Li’s Advanced Therapeutics Lab involves undergraduate students at Northeastern from a range of backgrounds, including bioengineering, chemical engineering, biochemistry, and computer science. Li plans to widen these recruitment efforts to include students from nearby colleges without a strong research focus to broaden the educational impact of his work.
“Conducting research is a proven strategy to foster the development of interest for undergraduate students, not to mention the laboratory skills and independent critical thinking ability acquired,” says Li.
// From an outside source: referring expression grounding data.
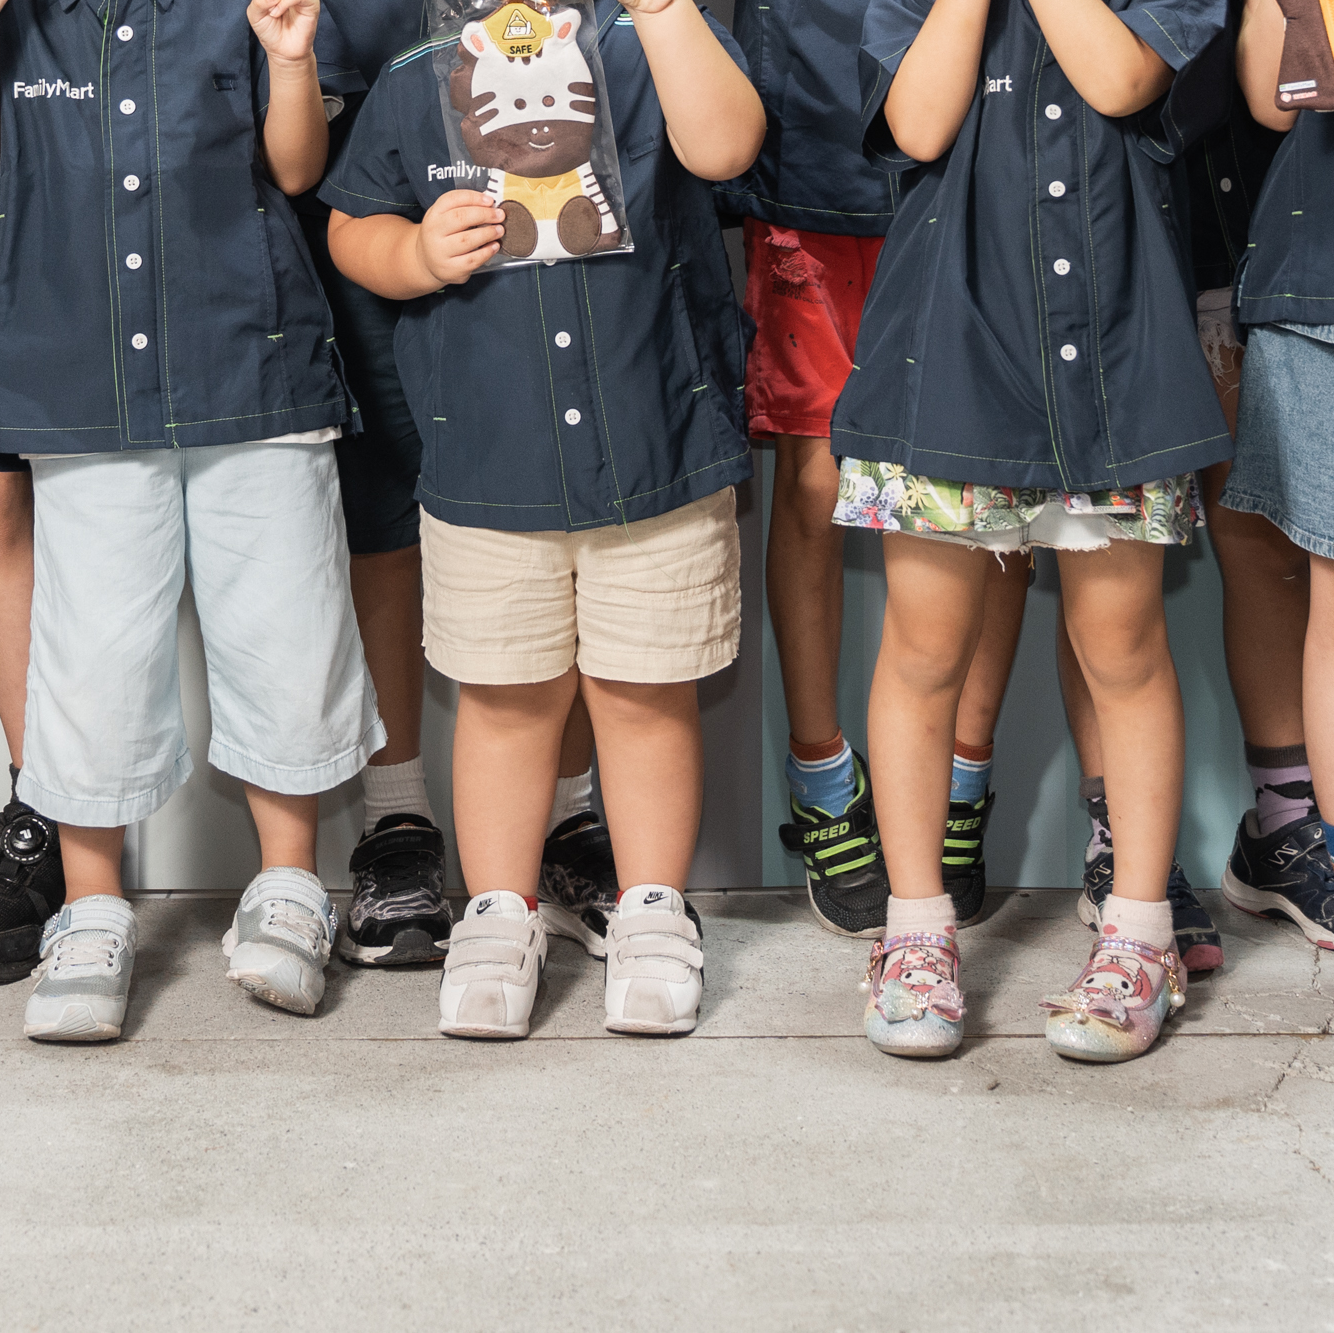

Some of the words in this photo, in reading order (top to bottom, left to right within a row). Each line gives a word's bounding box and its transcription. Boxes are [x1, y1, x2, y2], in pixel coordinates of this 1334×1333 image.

[509, 44, 533, 55] SAFE
[946, 816, 982, 832] PEED
[803, 821, 851, 844] SPEED
[646, 891, 666, 901] NIKE
[478, 897, 493, 909] NIKE
Building off the success of a remote collaboration with students and faculty at the University of Maine in 2020 and 2021, Li is using CAREER Award grant funds to develop low-cost biology kits and virtual teaching methods to reach students in remote areas. These efforts will help expand exposure to hands-on STEM learning in schools without the resources for these kinds of experiences.
Beginning this summer, Li’s lab will also participate in Northeastern’s Young Scholars Program (YSP), bringing underrepresented minority (URM) high school students to campus for hands-on lab experience to encourage careers in STEM. For the next five years, two URM students will each be paired with a senior graduate student from Li’s lab to improve their technical abilities, build professional skills, and increase their confidence regarding STEM career options.
Abstract source: NSF
Complex communities of microbes colonize all living creatures. These communities comprise a microbiome. Communication between the host and various microbiomes help to maintain human health. Disrupting this communication can lead to infection and disease. Recently, studies have implicated small RNA molecules (sRNA) as key communication molecules. Understanding how different types of sRNAs regulate pathogens in oral and respiratory systems is the focus of this project. The research program will be integrated with an education and outreach plan. These efforts will prepare under-represented high-school students and undergraduates to pursue careers in STEM. They will also integrate authentic hands-on experiments into undergraduate courses and develop low-cost biology kits and virtual teaching methods to reach students in remote areas.
This project will address the knowledge gap in understanding the roles played by host-derived extracellular sRNAs in host-microbiota interactions. There is a lack of enabling methodologies to unlock the functions of host sRNAs largely due to three limitations. First, native sRNAs are highly susceptible to degradation. Second, it is difficult to distinguish the origins of short sRNA fragments between host and bacteria. Third, host sRNAs are present inside bacteria at very low levels. The long-term project goal is to achieve in-depth understanding of host-derived sRNAs as a new class of defense molecules targeting opportunistic pathogens, and, furthermore, to repurpose host sRNAs as potential antimicrobial agents. To achieve this goal, this project will (1) optimize sRNA stability and functions by incorporating chemically modified nucleotides and define structure-function relationships, (2) employ structural modeling, bacterial genetics, and biochemical assays to dissect how host sRNAs are internalized by oral and airway opportunistic bacteria, and (3) develop a powerful methodology to uncover hitherto unknown host sRNAs with antimicrobial activities.
This award reflects NSF’s statutory mission and has been deemed worthy of support through evaluation using the Foundation’s intellectual merit and broader impacts review criteria.